Shakespeare vs. Thomas Watson
Shadwell vs. Dryden. Swift vs. Smedley. Plath vs. Hughes. Many a rivalry has been played out in audaciously appropriative poetry. Shakespeare vs. Watson is surely one of the greatest mismatches, to be sure. A vernacular and Latin love poet, Watson seems to have enjoyed a fairly good reputation among his peers, particularly as an imitator of Petrarch. In 1582 he published a series of love sonnets, Hekatompathia, among which we find Sonnet VII: Hark you that list to hear what saint I serve:
Her yellow locks exceed the beaten gold; Her sparkling eyes in heav'n a place deserve; Her forehead high and fair of comely mold; Her words are music all of silver sound; Her wit so sharp as like can scarce be found; Each eyebrow hangs like Iris in the skies; Her Eagle's nose is straight of stately frame; On either cheek a Rose and Lily lies; Her breath is sweet perfume, or holy flame; Her lips more red than any Coral stone; Her neck more white than aged Swans that moan; Her breast transparent is, like Crystal rock; Her fingers long, fit for Apollo's Lute; Her slipper such as Momus dare not mock; Her virtues all so great as make me mute: What other parts she hath I need not say, Whose face alone is cause of my decay. However you cut it, the poem is poor: the conceits are clumsy and improbable, the prosody heavy-handed and needlessly repetitive. Shakespeare clearly read these poems as a young man. Years later, in his own sonnet sequence, we find a devastating reworking of Watson's bleary blazon: Sonnet 130. My mistress' eyes are nothing like the sun; Coral is far more red than her lips' red; If snow be white, why then her breasts are dun; If hairs be wires, black wires grow on her head. I have seen roses damask'd, red and white, But no such roses see I in her cheeks; And in some perfumes is there more delight Than in the breath that from my mistress reeks.

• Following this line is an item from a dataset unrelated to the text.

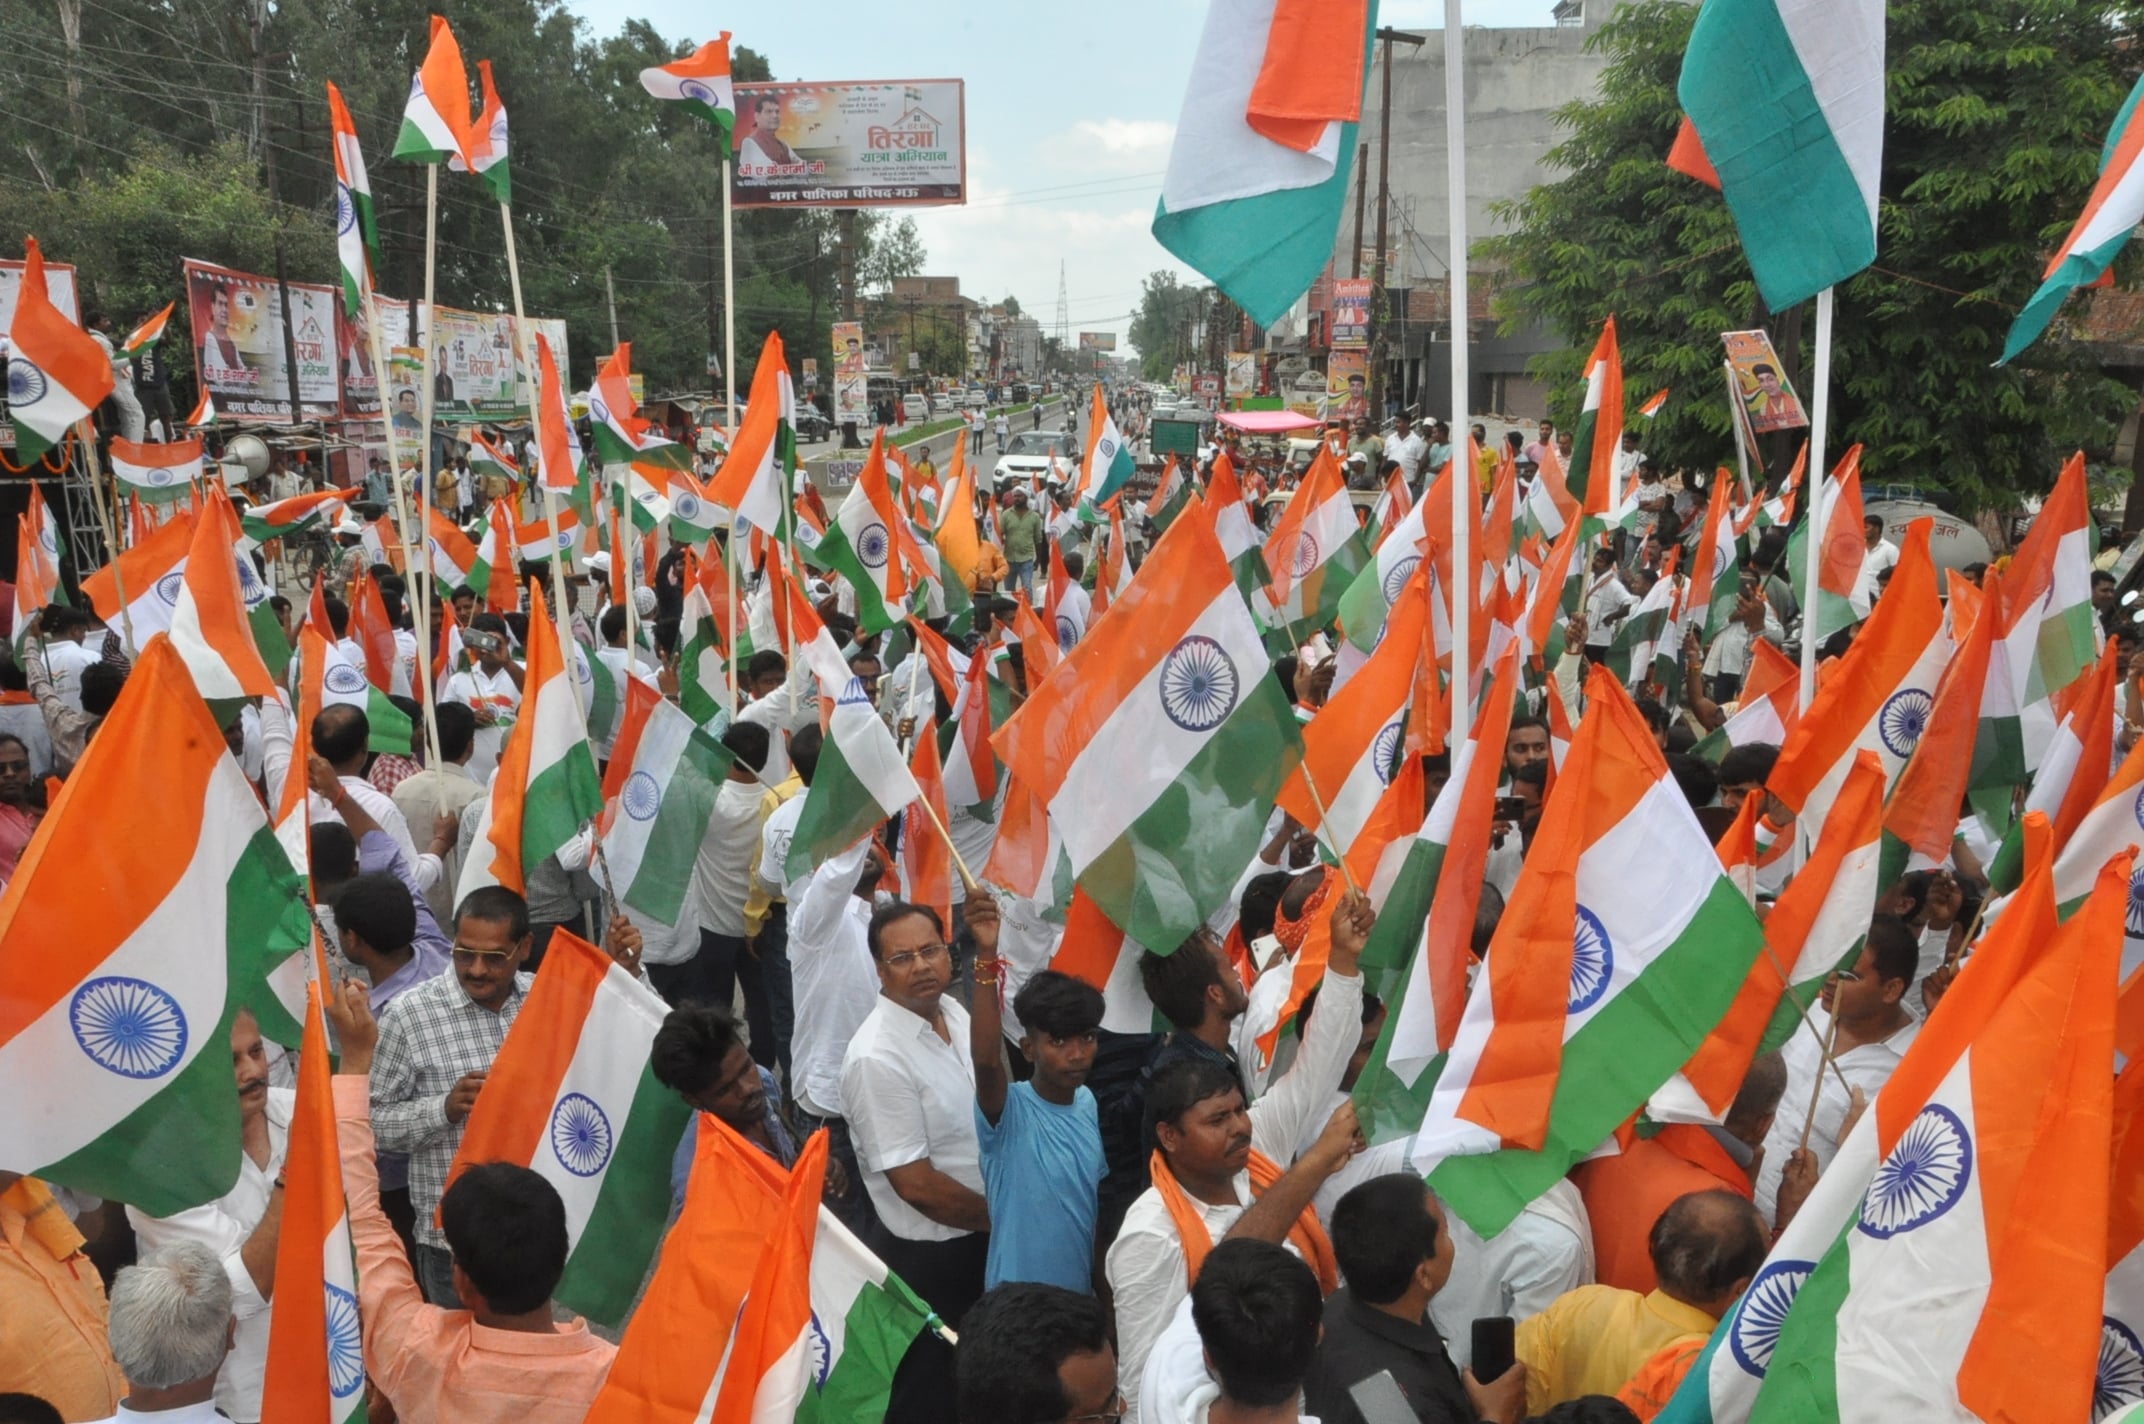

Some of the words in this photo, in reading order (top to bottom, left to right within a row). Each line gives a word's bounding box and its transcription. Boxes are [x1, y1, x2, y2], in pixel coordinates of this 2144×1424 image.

I love to hear her speak, yet well I know That music hath a far more pleasing sound; I grant I never saw a goddess go; My mistress, when she walks, treads on the ground: And yet, by heaven, I think my love as rare As any she belied with false compare.
Deftly inverting Watson's tropes in lively lines that build to a pleasing aesthetic and intellectual resolution, Shakespeare demonstrates a canny gift for invasive imitation. Whenever students question the Bard's talent, these are the poems I plop before their eyes. It never fails.